Tillinghast preferred the natural over the artificial. He appreciated aesthetic wows, but not where they were forced.
“A round of golf should present 18 inspirations — not necessarily thrills, because spectacular holes may be sadly overdone. Every hole may be constructed to provide charm without being obtrusive with it. When I speak of a hole being inspiring, it is not intended to imply that the visitor is to be subject to attacks of hysteria on every teeing ground.”
Though he was a superb golfer, he understood that the appeal in design should not be based on distance and difficulty, but rather on options and strategic choices. “The merit of any hole is not judged by its length but rather by its interest and its variety as elective play is apparent. It isn’t how far but how good!”
Up Close & Personal
Tillinghast was an excellent golfer. He competed in three U.S. Amateurs between 1905 and 1912, losing in match play to once and future champions Walter Travis, H. Chandler Egan and Chick Evans. He finished 25th in the 1910 U.S. Open, played at Philadelphia Cricket Club, where he was a member. In 1922, he would design the new course for his home club, at the club’s Flourtown facility, a course now known as Wissahickon.

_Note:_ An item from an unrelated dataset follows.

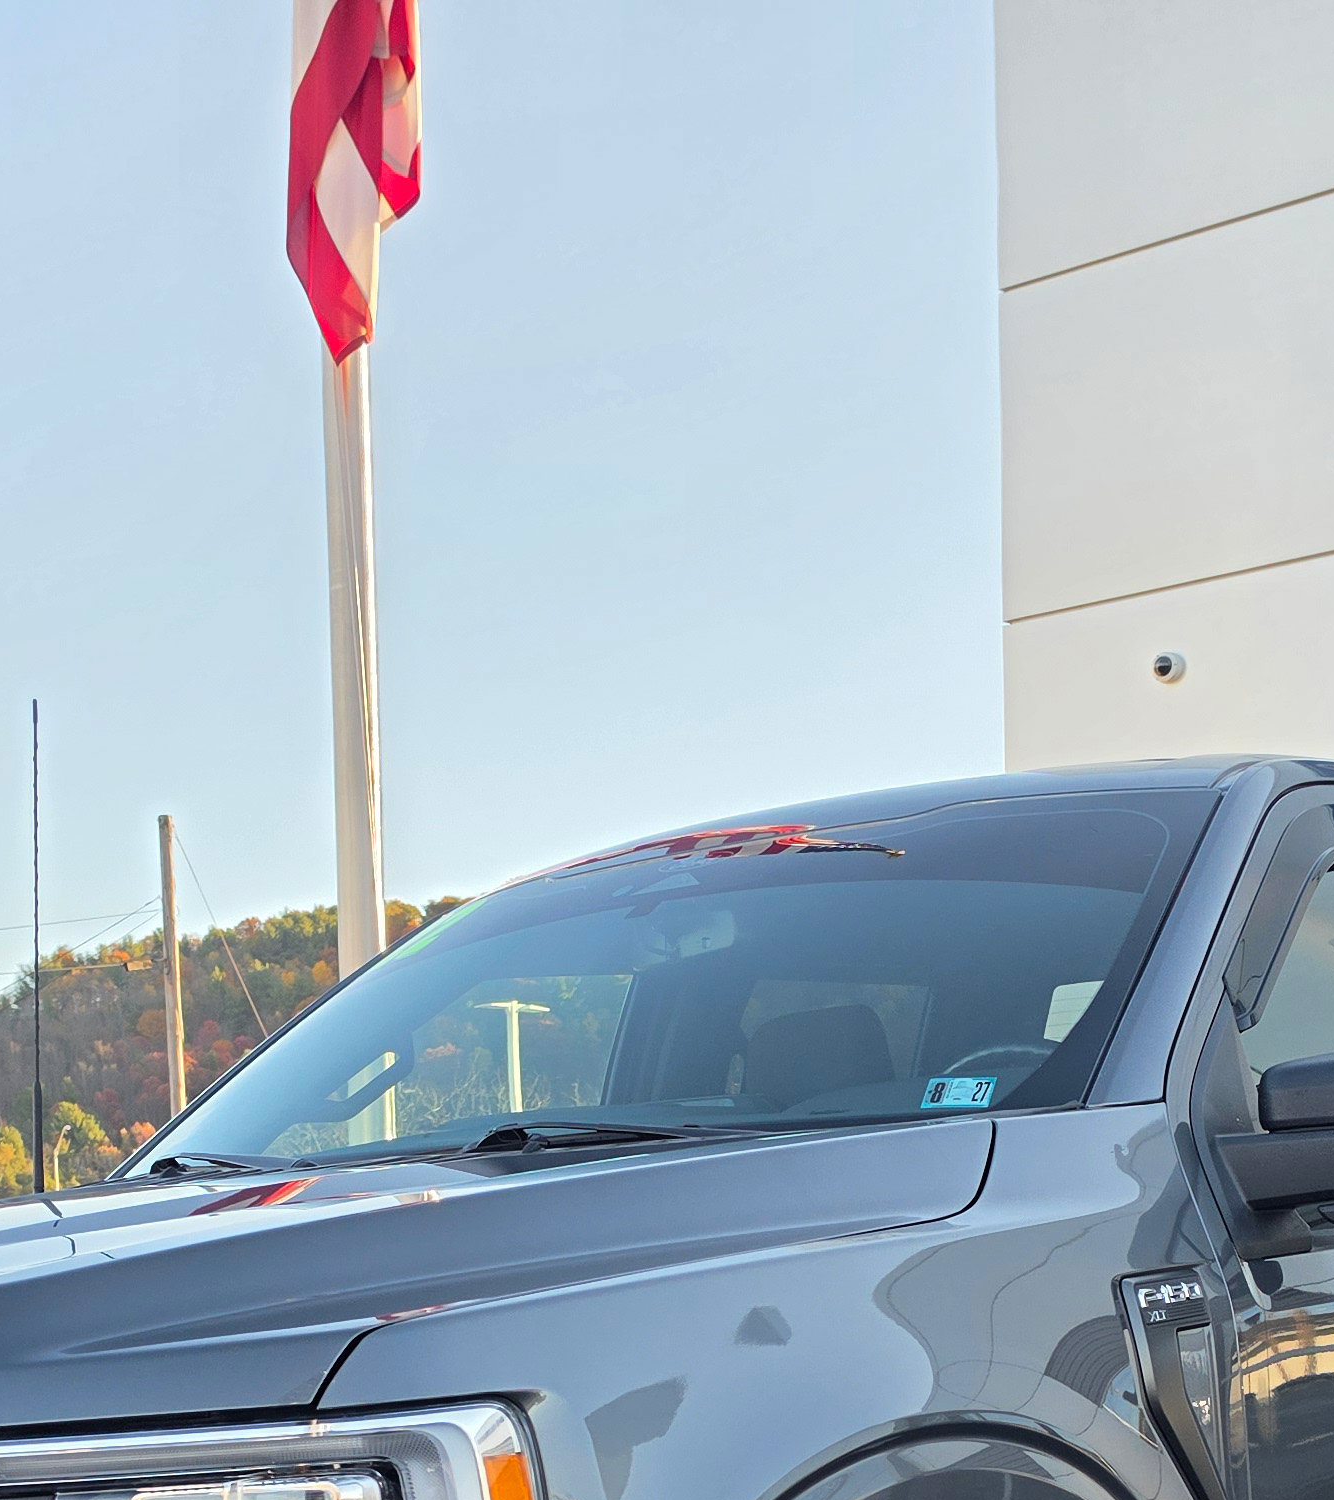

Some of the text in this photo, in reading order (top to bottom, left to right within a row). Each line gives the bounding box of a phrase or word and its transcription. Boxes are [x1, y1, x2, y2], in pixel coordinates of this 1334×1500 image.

[929, 1082, 946, 1104] 8
[971, 1081, 992, 1103] 27
[1137, 1282, 1203, 1308] F-150
[1148, 1310, 1167, 1323] XLT

Born a fortunate son to a prosperous Philadelphia rubber-making family, “Tillie,” as friends called him, first journeyed to St. Andrews in 1896, making the acquaintance of Old Tom Morris and even playing the Old Course with him.
He claimed to have been present for the invention of the term “birdie,” and took credit for popularizing it. During a casual gang-style round at Atlantic City Country Club on the Jersey Shore in 1903, one player in his party of 12 or so smacked a low, long second shot onto the green of a par-5 and another player exclaimed, “That’s a bird!”

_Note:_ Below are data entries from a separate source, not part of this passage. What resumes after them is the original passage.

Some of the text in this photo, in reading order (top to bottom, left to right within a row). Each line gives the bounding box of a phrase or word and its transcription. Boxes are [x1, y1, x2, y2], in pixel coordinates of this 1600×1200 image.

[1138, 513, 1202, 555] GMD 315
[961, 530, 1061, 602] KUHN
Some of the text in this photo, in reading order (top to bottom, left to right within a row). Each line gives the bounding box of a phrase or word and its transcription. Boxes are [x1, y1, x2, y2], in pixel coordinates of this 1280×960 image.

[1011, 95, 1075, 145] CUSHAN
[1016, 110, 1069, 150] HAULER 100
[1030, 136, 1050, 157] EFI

One of the earliest successful golf writers, Tillinghast wrote a syndicated newspaper column before World War I and contributed to Golf Illustrated magazine, becoming its editor in 1933. He published rankings of the top 12 professionals, male amateurs and female amateurs, scoring a prescient coup in 1916, when he named 14-year-old Bobby Jones as the year’s 12th-ranked amateur.
A classic Roaring 20s high-living character, Tillinghast made more than $1 million as a designer-builder, but lost it not only to the onset of the Depression, but also because he was a prodigious drinker, spender and investor in failed Broadway shows.
To earn some much-needed cash in the mid-1930s, Tillie went to work for the PGA of America, traveling around the country to member facilities and advising them of course changes and maintenance alterations as money-saving measures.
By the late 1930s, Tillinghast has relocated to Southern California, where he opened an antiques shop in Beverly Hills. By 1941, heart disease and other medical issues had taken their toll. That year, he moved in with oldest daughter Marion at her Toledo, Ohio home and passed away there on May 19, 1942.